The Board encourages shareholders to submit their Form of Proxy as early as possible, even if they intend to attend the meeting using the remote conferencing facilities The Company will continue to monitor the advice issued by the UK Government and will make further arrangements and contingencies as necessary.

Rationale

Shareholders will be well aware of the current turmoil in the public markets and the precipitous recent fall of the price of oil brought on by the ongoing Covid-19 pandemic and the trade war between Russia and Saudi Arabia. These events have caused uncertainty around the world and for companies to seek to retain and accrete cash wherever possible. Moreover, they have caused global share prices to fall and both Zenith and AAOG have felt the impact of this. At present, if the Disposal was to proceed without amendment, AAOG would own approximately 20 per cent. of the issued share capital of Zenith and would be forced to retain such shares for at least six months. Exacerbated by the current uncertainty in the markets, there is no certainty that AAOG would be able to sell such a large stake in Zenith in an acceptable timeframe or at a price equal to the issue price.

Taking account of all these factors, the board believes it is in the best interests of its shareholders to remove any uncertainty related to the value of the Consideration Shares and instead to receive a certain cash payment pursuant to the Disposal.

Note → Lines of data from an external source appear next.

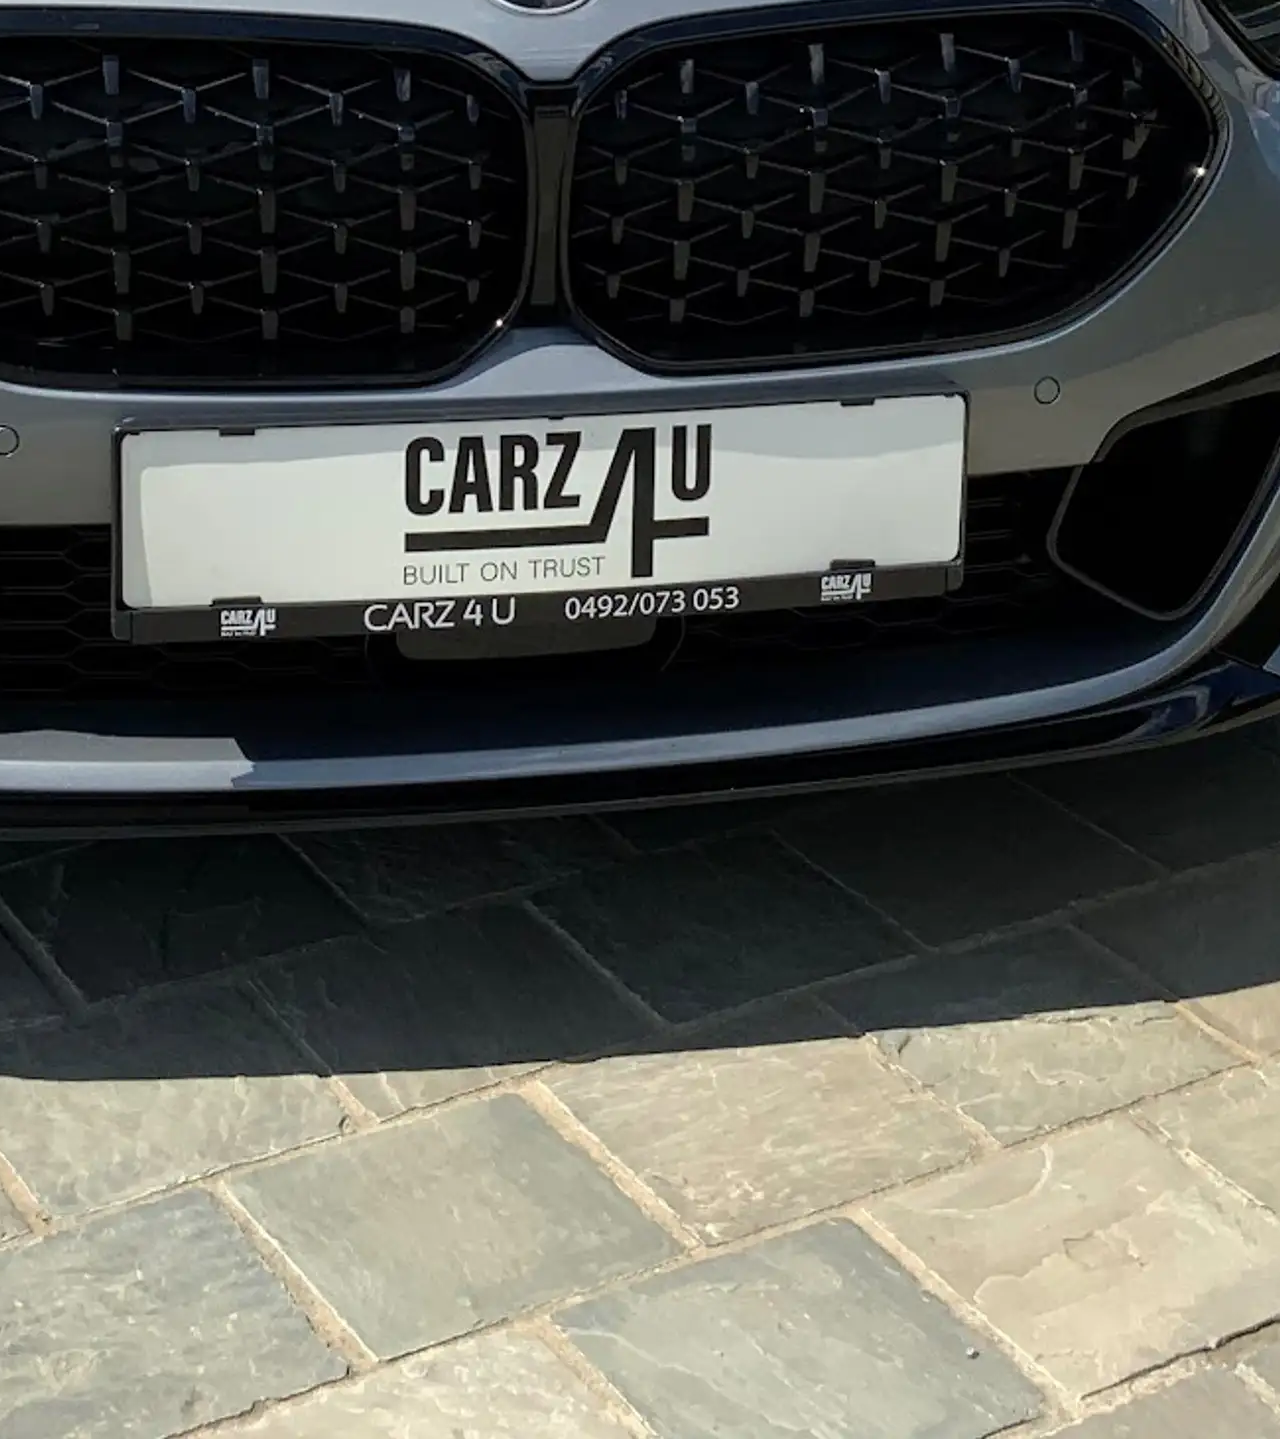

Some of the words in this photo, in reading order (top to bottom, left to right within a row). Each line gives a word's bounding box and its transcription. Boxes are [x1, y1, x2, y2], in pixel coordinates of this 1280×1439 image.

[403, 562, 471, 586] BUILT
[480, 560, 517, 582] ON
[527, 556, 606, 580] TRUST
[363, 600, 456, 631] CARZ
[463, 598, 483, 627] 4
[491, 596, 516, 625] U
[564, 589, 686, 621] 0492/073
[692, 586, 740, 611] 053

The Deed of Variation allows for that and accordingly, the Directors consider that the entry into the Deed of Variation is in the best interest of the Company and its shareholders as a whole and unanimously recommends that its shareholders vote in favour of the resolution to be proposed at the GM.

AIM Rule 15

Shareholders are reminded that, in accordance with AIM Rule 15, the Disposal constitutes a fundamental change of business of the Company. On Completion, the Company shall cease to own, control or conduct all or substantially all, of its existing trading business, activities or assets.

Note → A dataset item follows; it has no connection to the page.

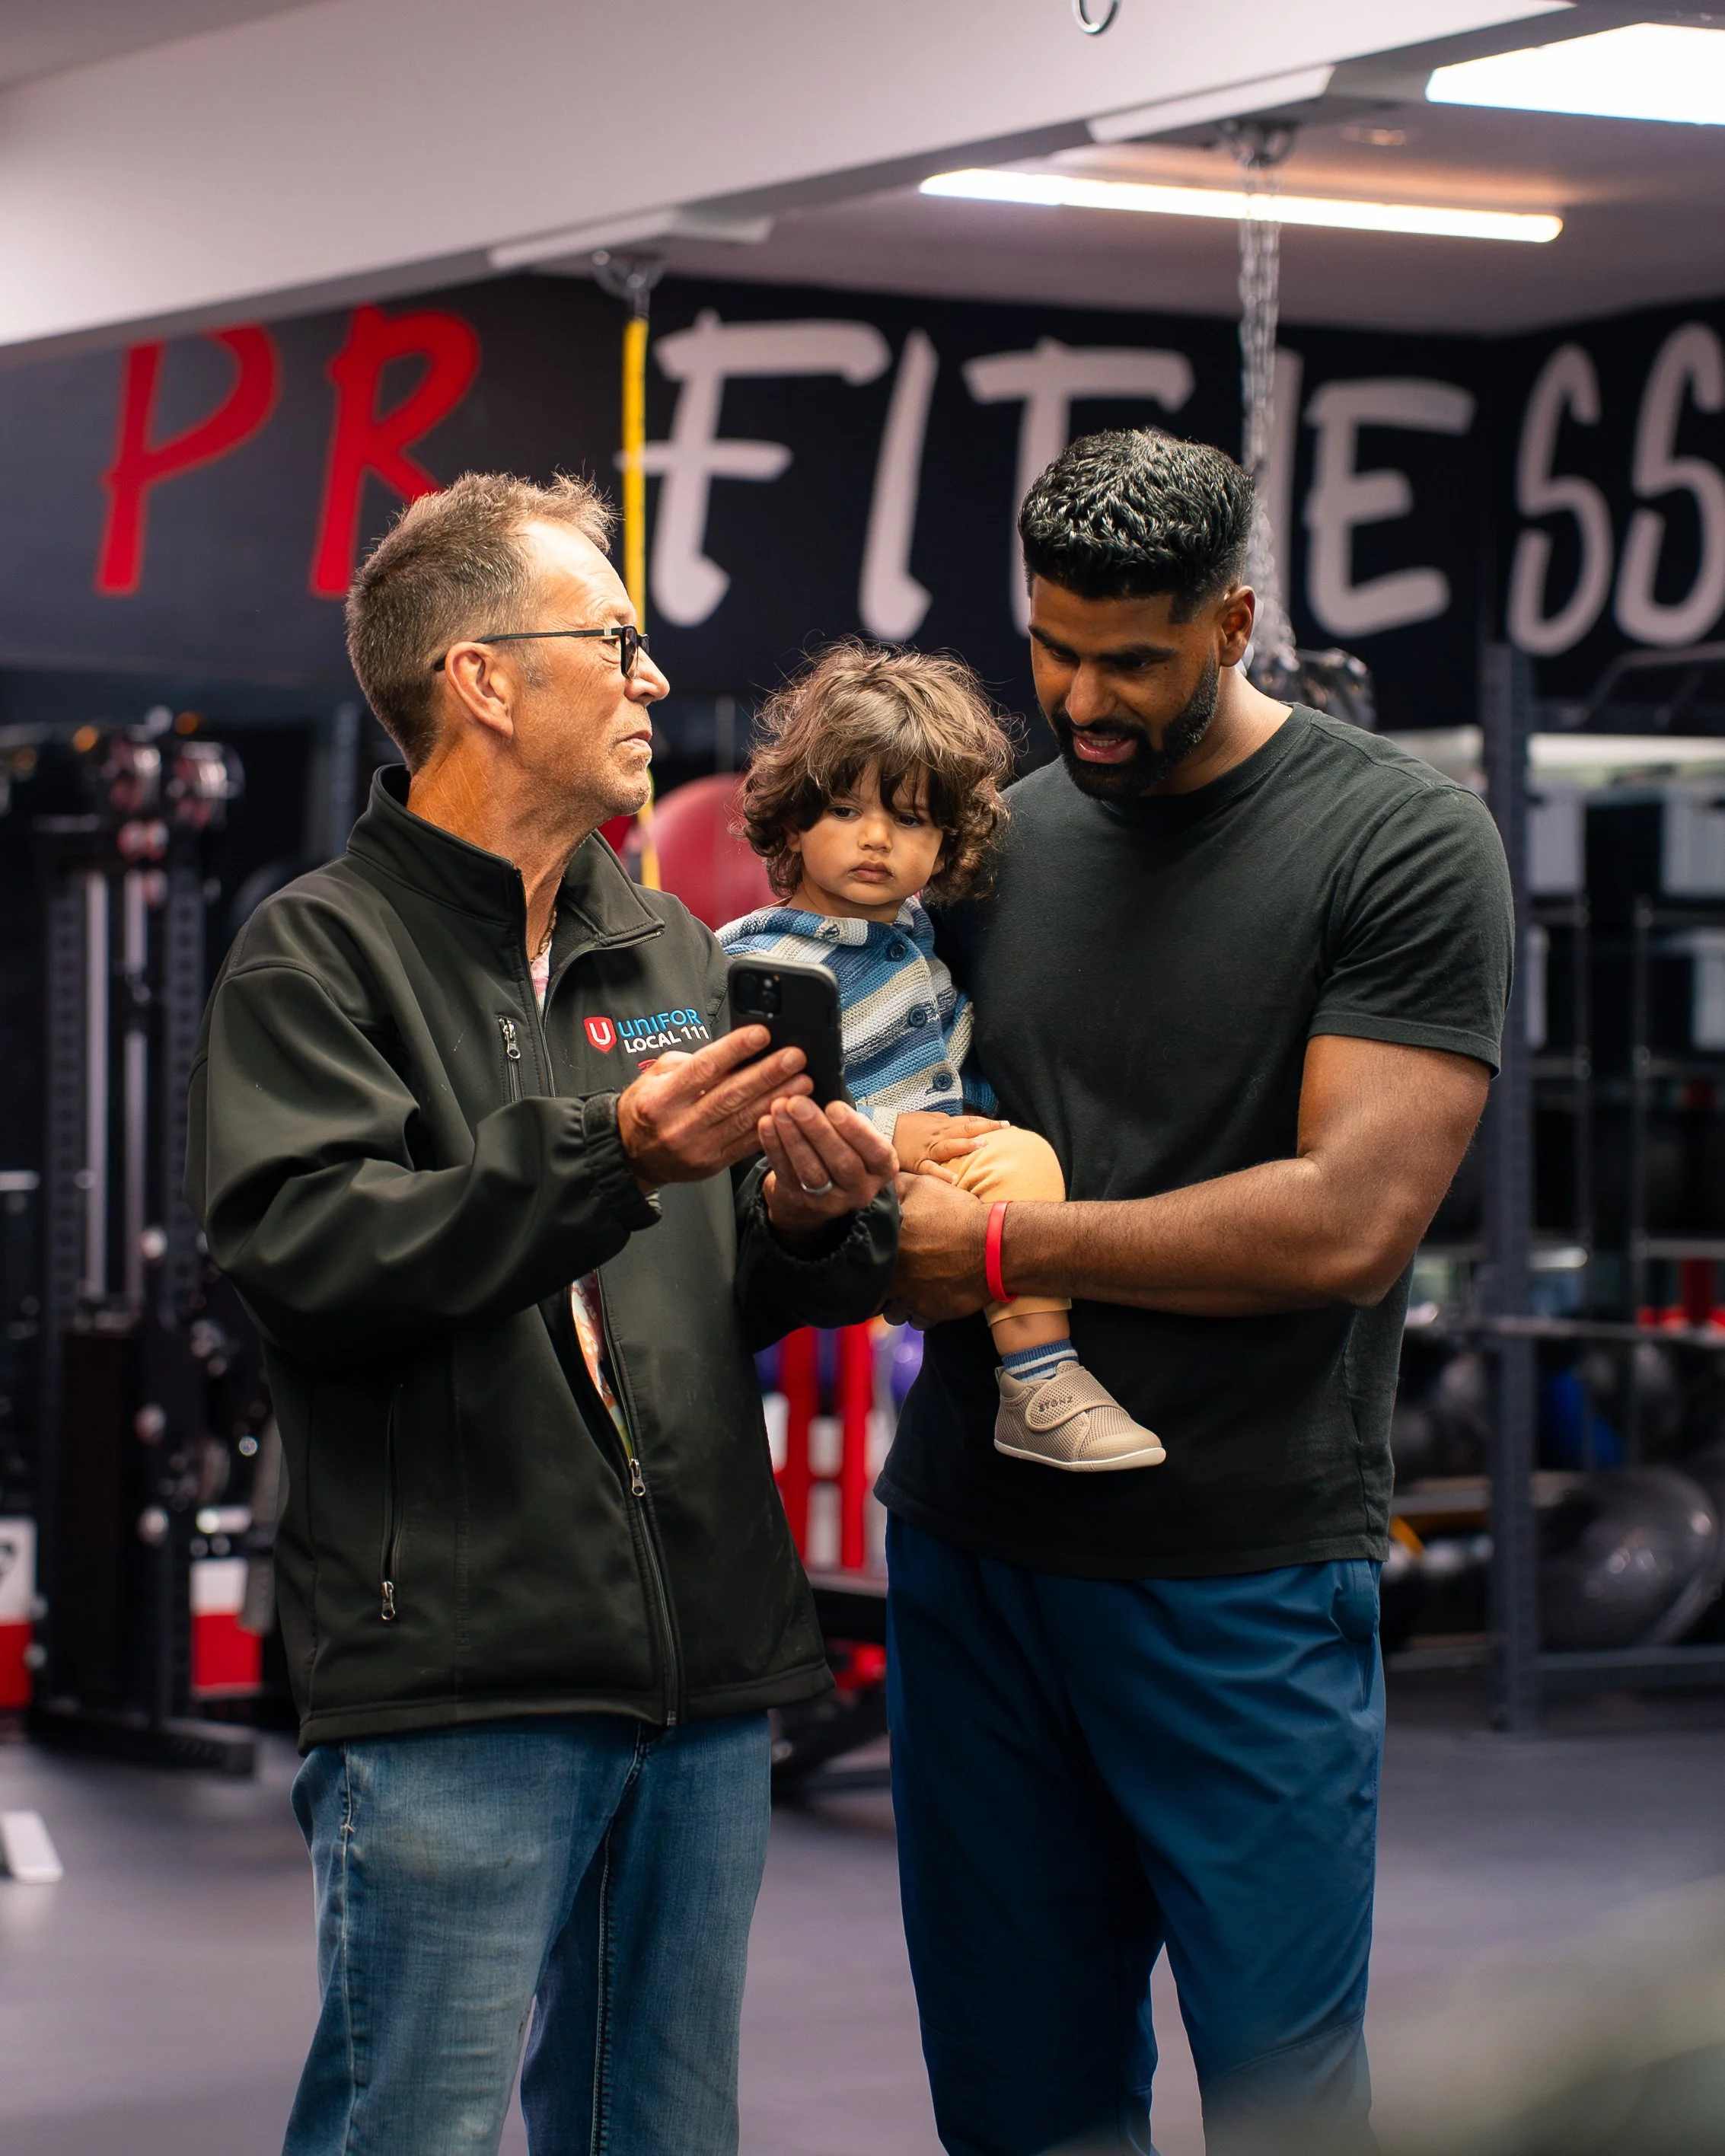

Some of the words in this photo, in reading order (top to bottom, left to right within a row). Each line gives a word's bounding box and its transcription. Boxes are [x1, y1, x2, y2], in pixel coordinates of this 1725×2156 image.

[96, 300, 481, 598] PR
[612, 307, 1725, 659] FITESS
[623, 1030, 682, 1054] LOCAL
[681, 1025, 709, 1040] 111

Following Completion, the Company will therefore become an AIM Rule 15 cash shell and as such will be required to make an acquisition or acquisitions which constitutes a reverse takeover under AIM Rule 14 (including seeking re-admission as an investing company (as defined under the AIM Rules)) on or before the date falling six months from Completion or be re-admitted to trading on AIM as an investing company under the AIM Rules (which requires the raising of at least £6 million) failing which, the Company’s Ordinary Shares would then be suspended from trading on AIM pursuant to AIM Rule 40. Admission to trading on AIM would be cancelled six months from the date of suspension should the reason for the suspension not have been rectified.